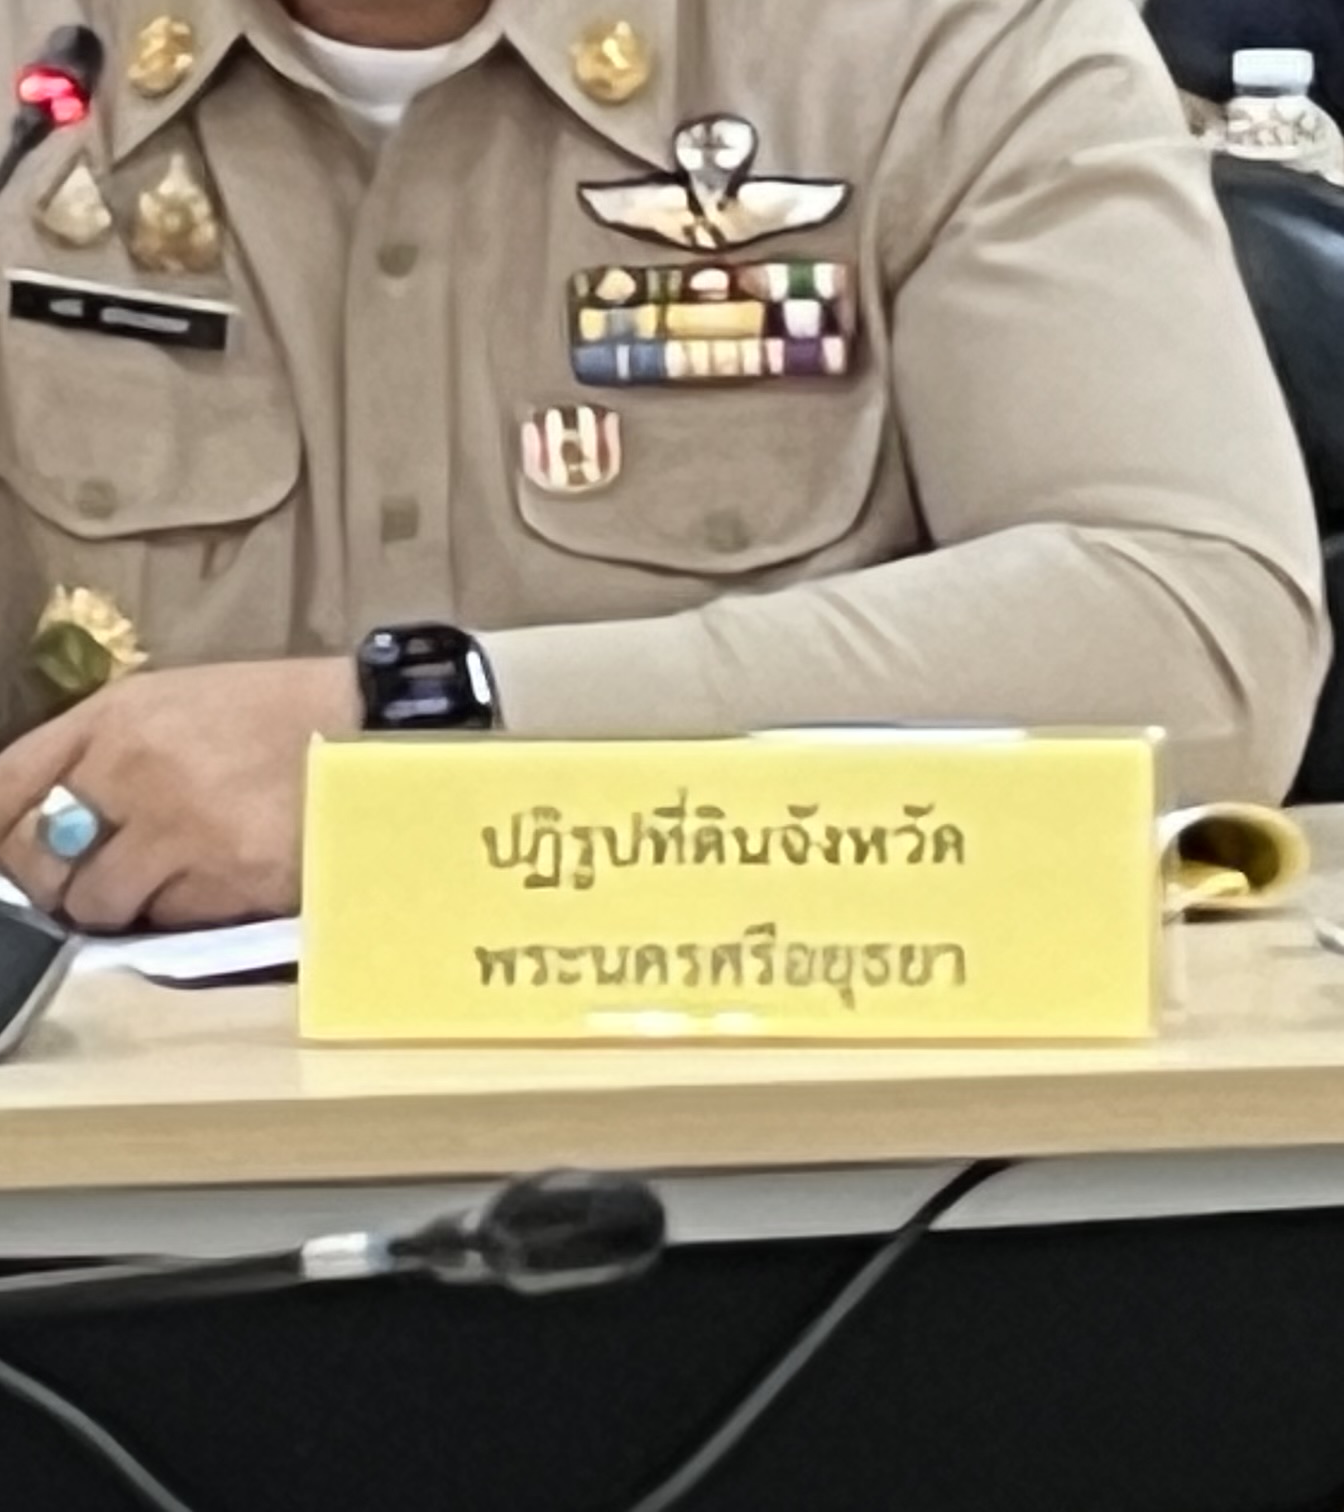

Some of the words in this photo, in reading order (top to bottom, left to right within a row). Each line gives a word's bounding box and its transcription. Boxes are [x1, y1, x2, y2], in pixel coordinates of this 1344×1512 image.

[481, 787, 964, 889] ปฏิรูปที่ดินจังหวัด
[474, 922, 965, 1011] พระนครศรีอยุธยา
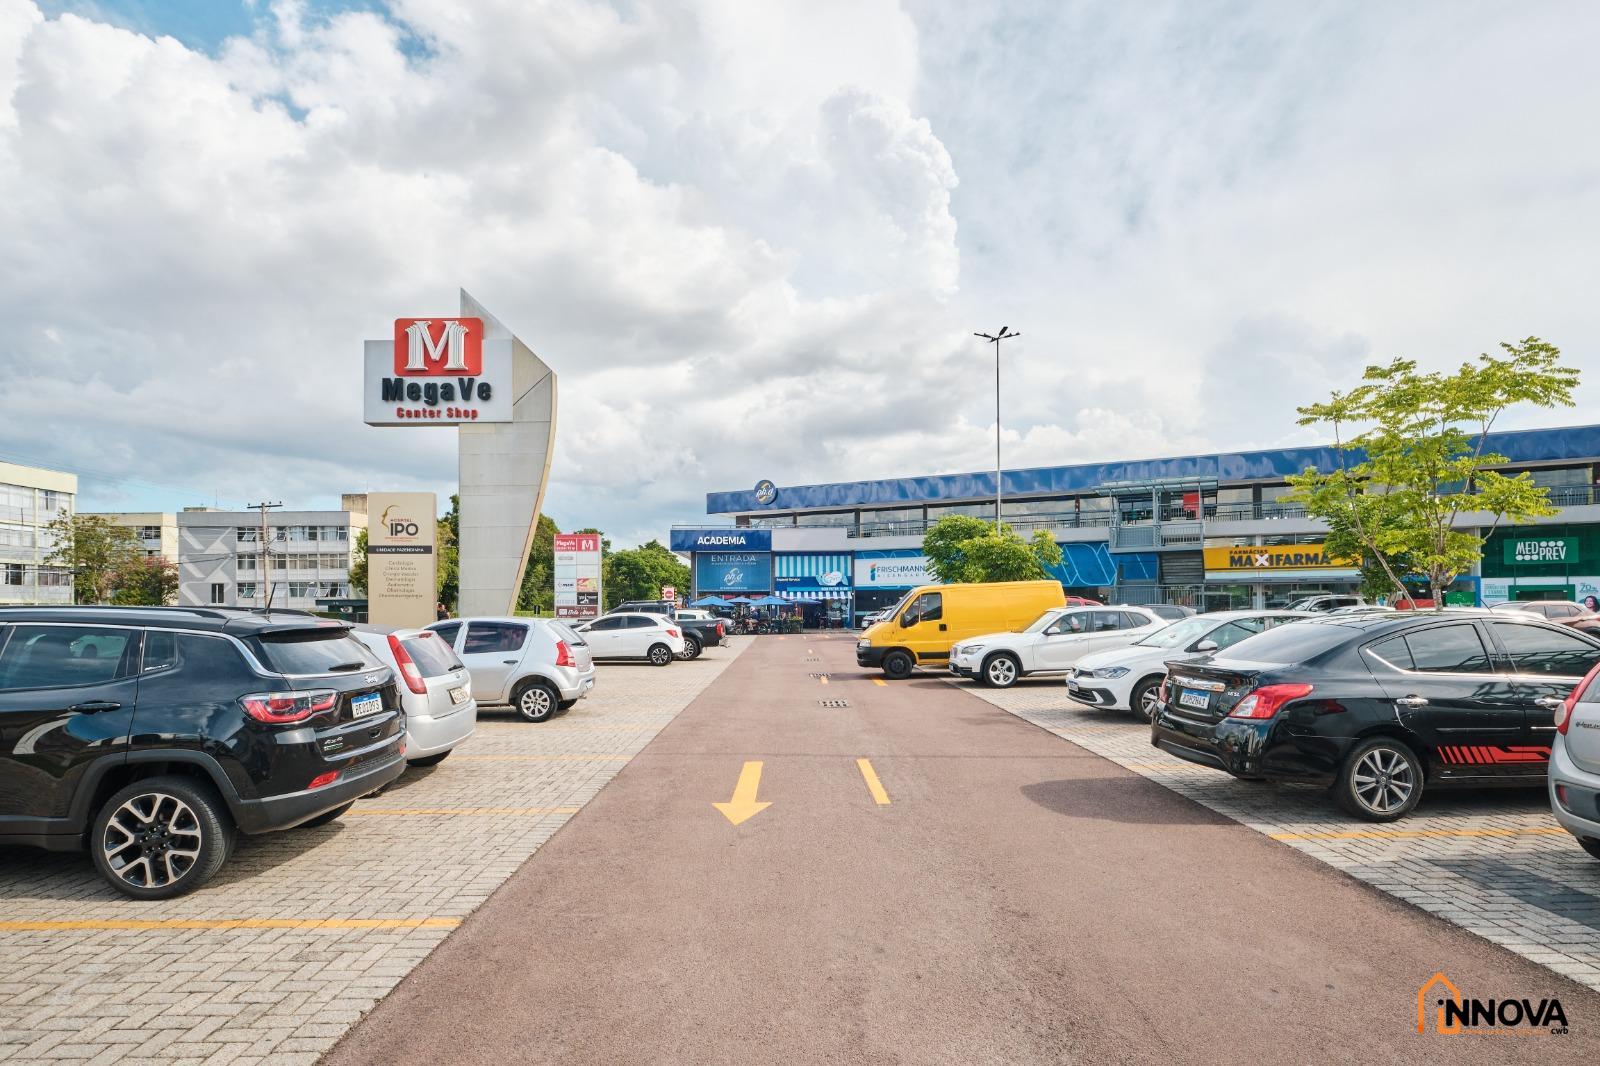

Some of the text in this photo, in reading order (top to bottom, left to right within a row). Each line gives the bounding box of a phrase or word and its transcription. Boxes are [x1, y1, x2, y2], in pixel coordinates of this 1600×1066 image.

[405, 320, 469, 372] M
[381, 377, 492, 406] MegaVe
[396, 407, 479, 420] Center Shop
[390, 522, 419, 536] IPO
[697, 536, 746, 545] ACADEMIA
[1515, 541, 1539, 555] MED
[1539, 546, 1567, 561] PREV
[711, 554, 757, 562] ENTRADA
[1229, 552, 1331, 567] MAXIFARMA
[876, 565, 926, 573] FRISCHMANN
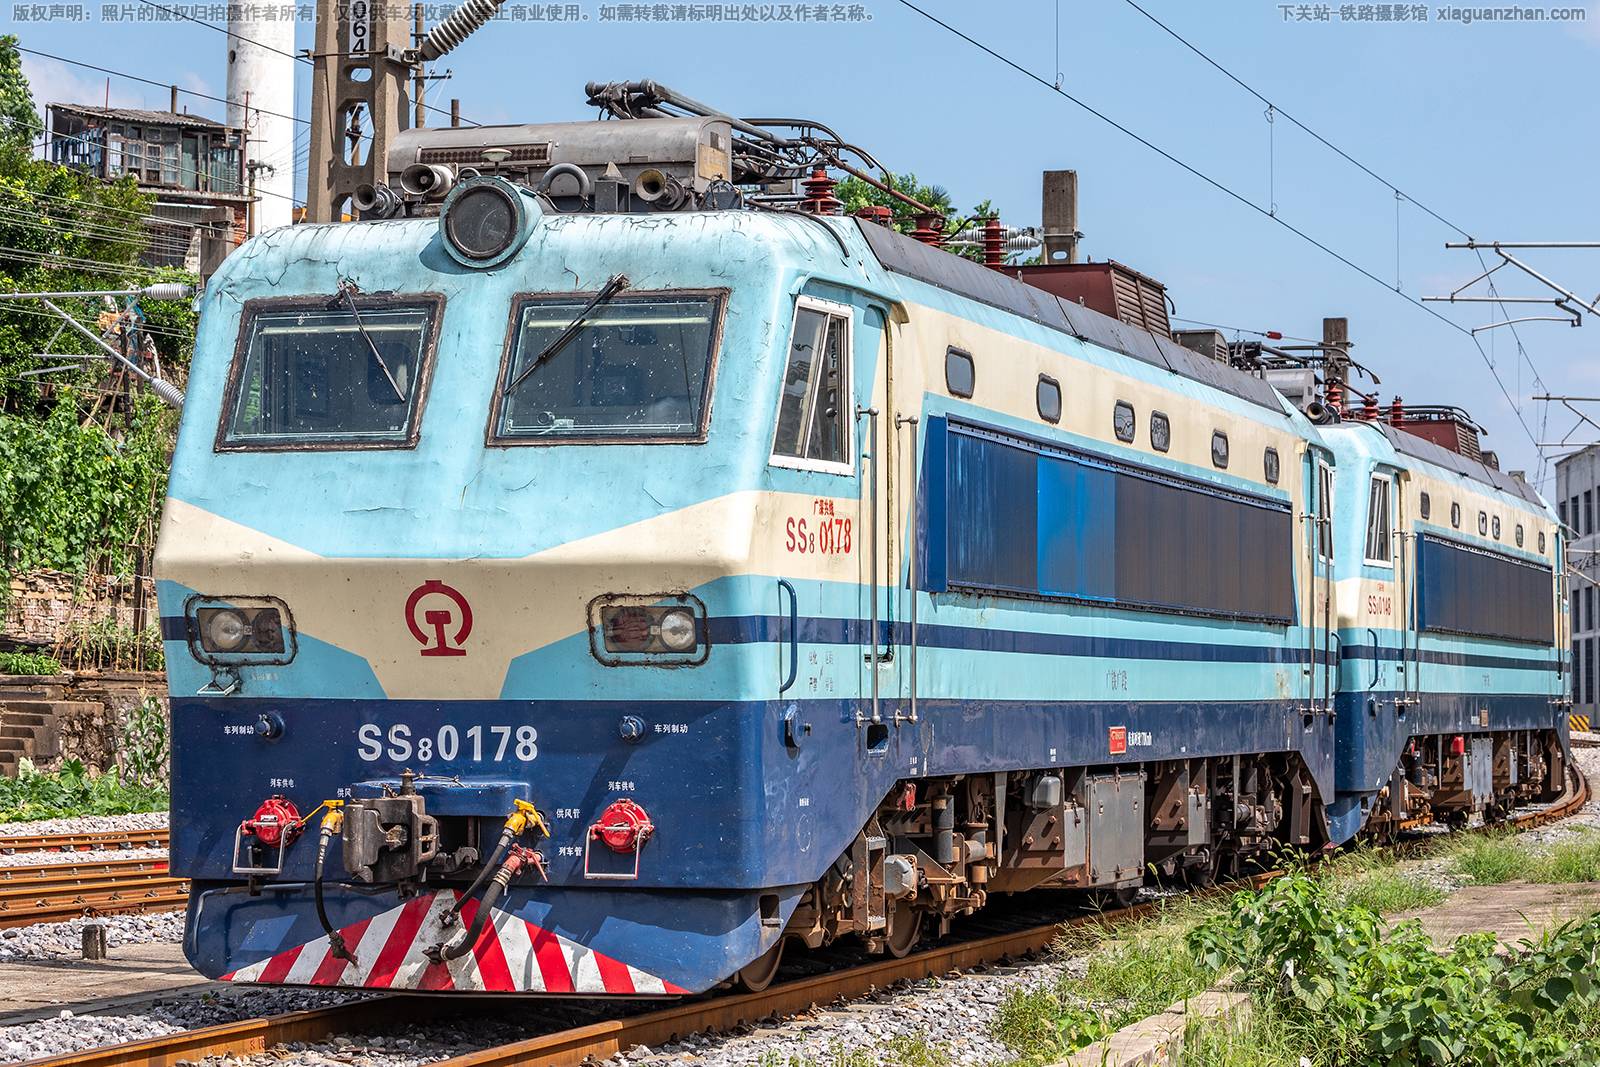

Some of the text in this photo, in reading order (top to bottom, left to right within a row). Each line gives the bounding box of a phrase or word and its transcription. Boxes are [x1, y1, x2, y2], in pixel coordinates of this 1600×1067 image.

» Exercise objective: Set every record down verbatim. No pictures belong in the copy.

» Task output:
Some of the words in this photo, in reading order (top to bottom, left to right within a row). Each line gives a word's bounding box and its transcription. Boxes are [x1, y1, x2, y2], in pixel coordinates of this 1344×1512 image.

[481, 787, 964, 889] ปฏิรูปที่ดินจังหวัด
[474, 922, 965, 1011] พระนครศรีอยุธยา

Some of the text in this photo, in reading order (top to bottom, left to right within a row). Each line gives the bounding box of a phrase or word and its transcription. Boxes are [x1, y1, x2, y2], in pixel coordinates of this 1600×1066 image.

[405, 320, 469, 372] M
[381, 377, 492, 406] MegaVe
[396, 407, 479, 420] Center Shop
[390, 522, 419, 536] IPO
[697, 536, 746, 545] ACADEMIA
[1515, 541, 1539, 555] MED
[1539, 546, 1567, 561] PREV
[711, 554, 757, 562] ENTRADA
[1229, 552, 1331, 567] MAXIFARMA
[876, 565, 926, 573] FRISCHMANN

Some of the text in this photo, in reading order (top to bottom, left to right within a row). Each line gives the bounding box of a phrase or word and its transcription. Boxes are [x1, y1, x2, y2], in pixel coordinates of this 1600×1067 image.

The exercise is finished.